Pisang Epe - Makassar

The name “Pisang Epe” refers to the unique cooking method used for this traditional coconut pancake. “Epe” in the local language means to press or flatten, which describes the way the pancakes are cooked. This traditional coconut pancake stands out due to its unique preparation and rich coconut flavor. Cooked in small cast iron pans over an open flame, these pancakes are made from a batter consisting of grated coconut, rice flour, palm sugar, and a hint of salt. The result is a delectable treat with a crispy outer layer and a tender, moist center, infused with the natural sweetness of coconut and palm sugar.

Pisang Goroho - Manado

Goroho bananas, native to North Sulawesi, are favored for their unique flavor and texture. The bananas are grilled over an open flame until they become tender and develop a slight caramelization, enhancing their natural sweetness.
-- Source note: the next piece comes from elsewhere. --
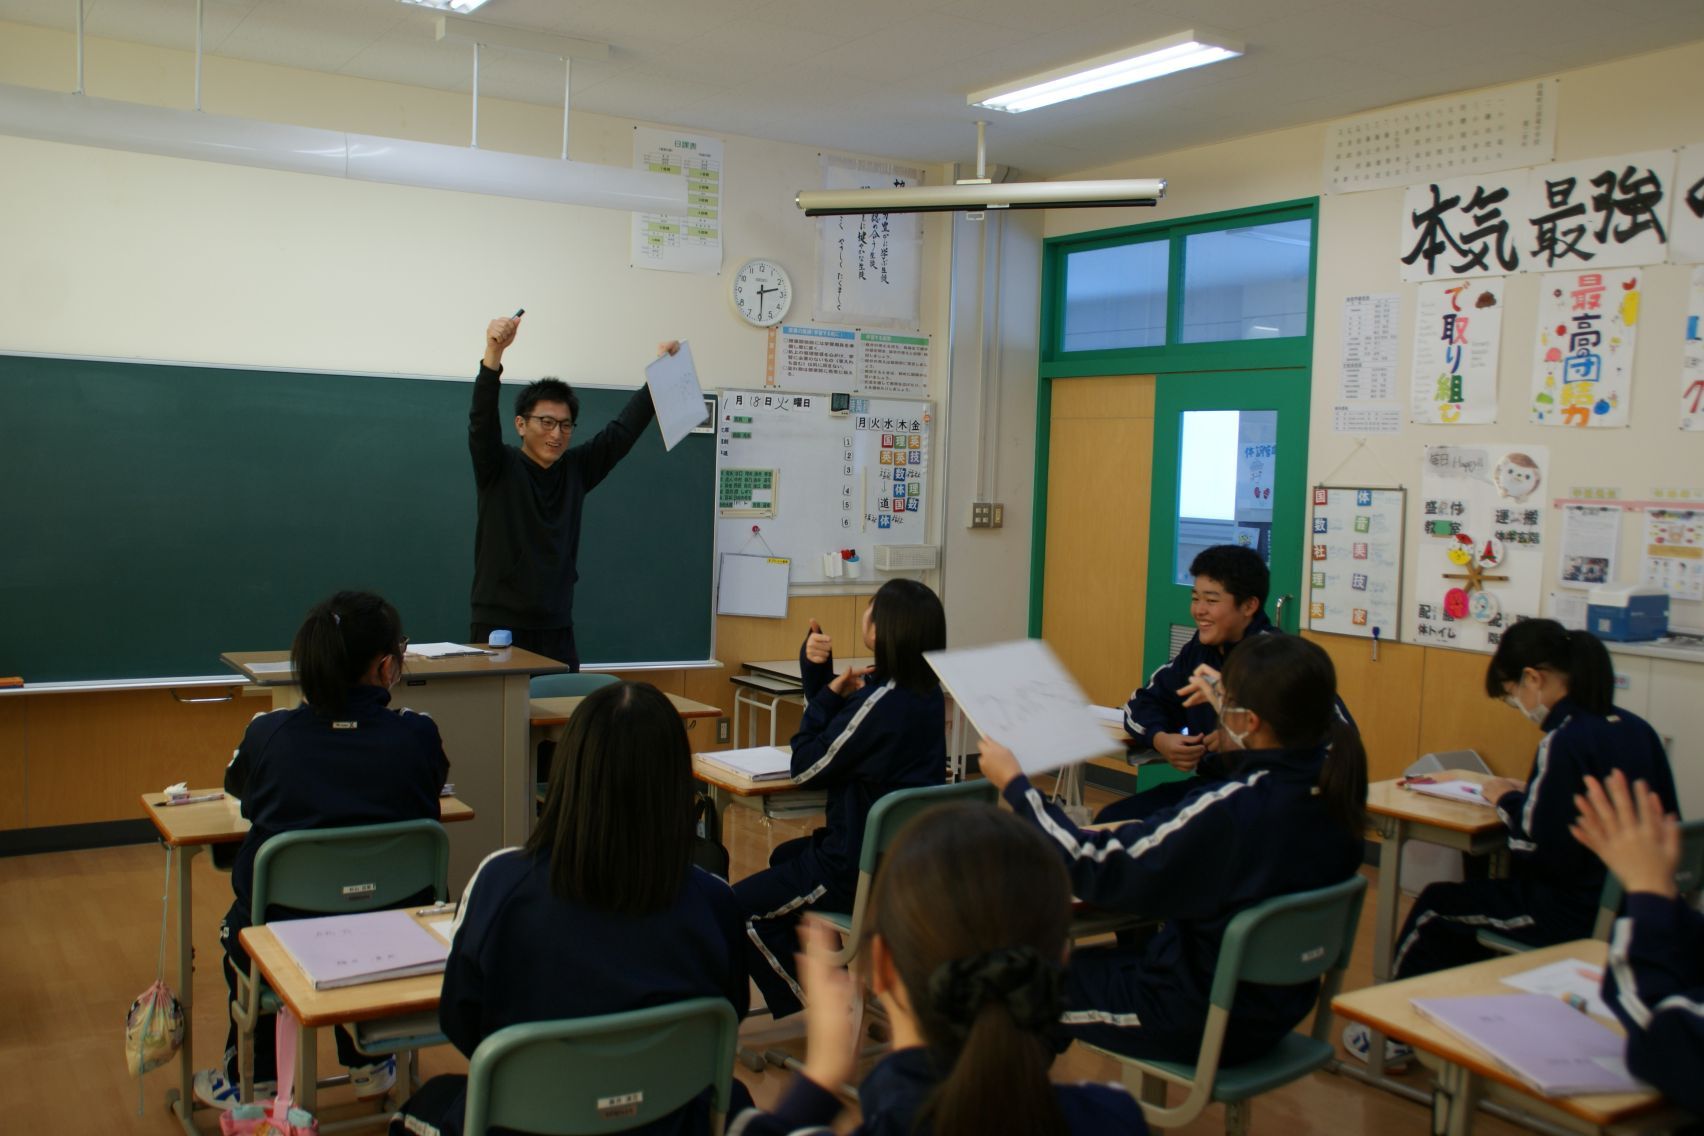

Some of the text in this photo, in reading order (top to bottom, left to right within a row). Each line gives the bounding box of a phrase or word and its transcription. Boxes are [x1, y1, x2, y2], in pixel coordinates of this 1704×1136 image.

Unlike other banana dishes, Pisang Goroho does not require any additional ingredients or toppings, allowing the true essence of the ripe bananas to shine through.

Sate Klathak - Yogyakarta

As a famous street food in Yogyakarta, Sate Klathak is a must-try for any food enthusiast visiting the region. The skewers are served on a traditional wooden rack called “klathak,” adding a rustic charm to the experience. What sets Sate Klathak apart is how it is cooked—grilled on a bed of hot charcoals made from coconut shells, giving it a distinct smoky aroma. The skewers are loaded with chunks of succulent chicken or beef, marinated with a blend of aromatic spices and a touch of sweetness.

Seblak - Bandung

Seblak, a beloved street food sensation, has taken the culinary scene by storm, especially in Bandung, Indonesia. This spicy and flavorful dish revolves around krupuk mie, crispy deep-fried noodles softened in a piping-hot broth infused with a tantalizing mix of chilies, garlic, shallots, and aromatic spices. The result? An explosion of rich flavors and a delightful play of textures will leave your taste buds craving for more. 

What makes Seblak even more enticing is its versatility. The dish invites creativity, allowing you to tailor it to your liking by adding various ingredients such as eggs, vegetables, meats, and seafood.